When you copy the material below, keep every line exact and omit the pictures.

━━━━

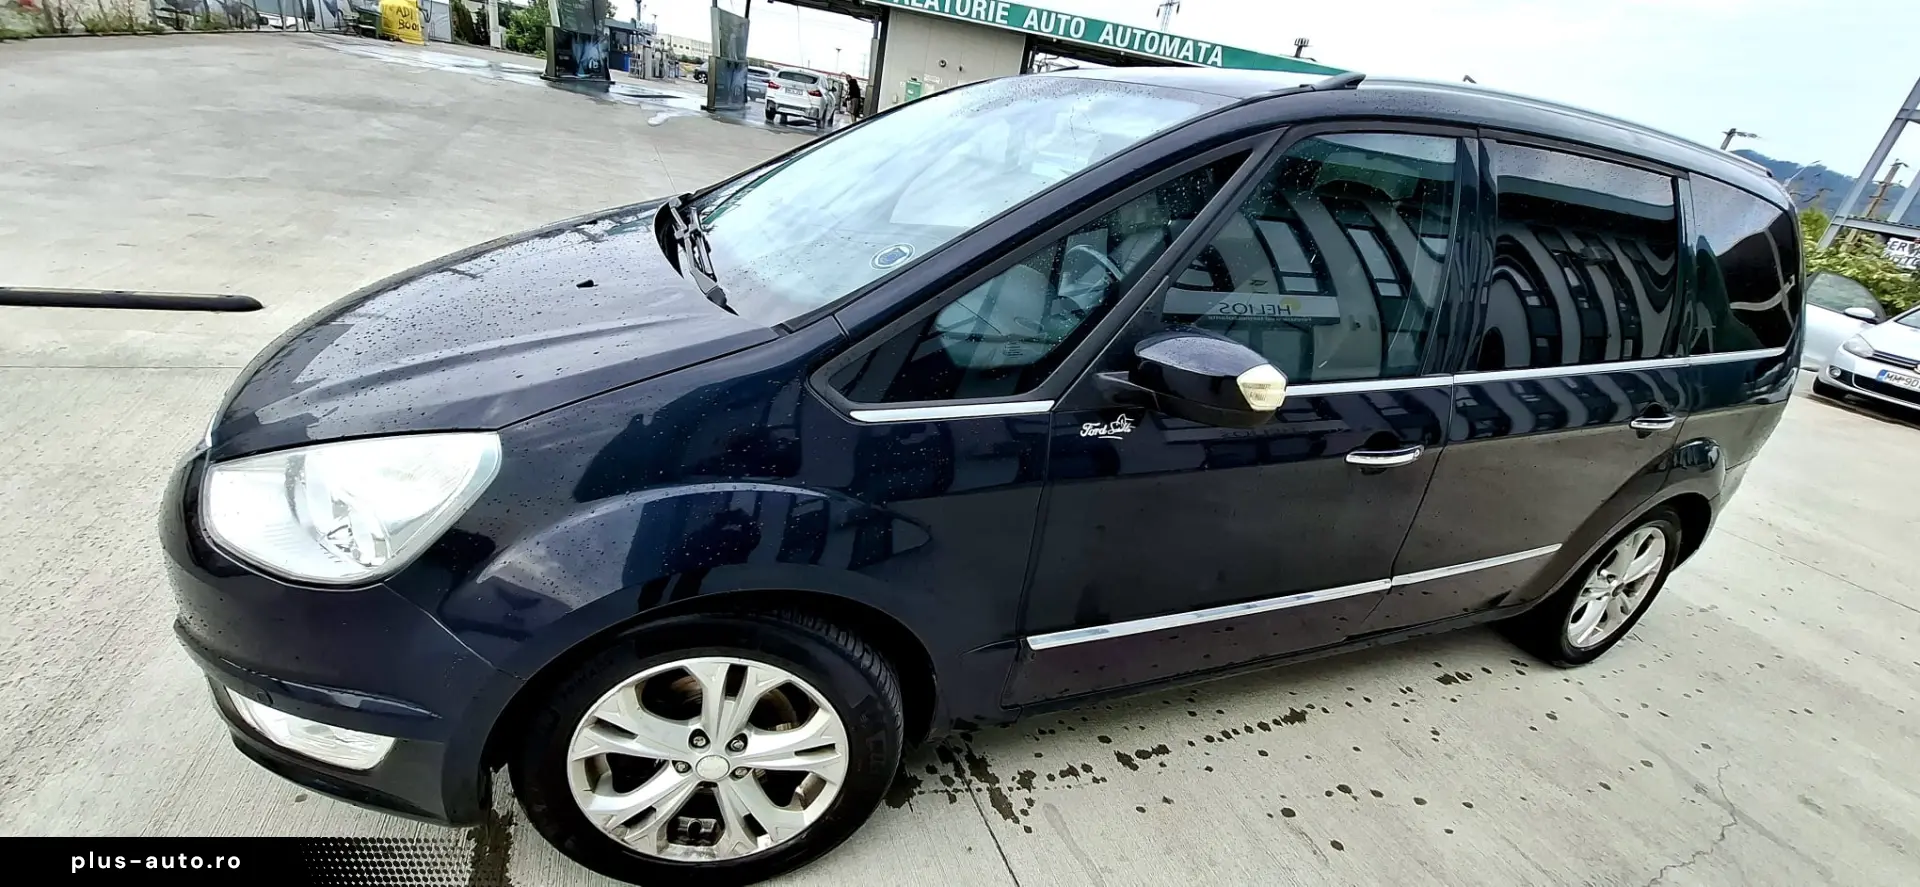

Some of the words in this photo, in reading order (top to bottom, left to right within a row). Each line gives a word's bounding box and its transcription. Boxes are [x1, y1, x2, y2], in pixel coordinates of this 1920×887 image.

[396, 6, 413, 20] ADI
[1023, 9, 1086, 39] AUTO
[1098, 23, 1223, 67] AUTOMATA
[1080, 422, 1107, 437] Ford

━━━━

§ ANSWER FOR THIS EXERCISE
Some of the words in this photo, in reading order (top to bottom, left to right within a row). Each line gives a word's bounding box and its transcription. Boxes are [x1, y1, x2, y2], in pixel coordinates of this 1920×887 image.

[396, 6, 413, 20] ADI
[1023, 9, 1086, 39] AUTO
[1098, 23, 1223, 67] AUTOMATA
[1080, 422, 1107, 437] Ford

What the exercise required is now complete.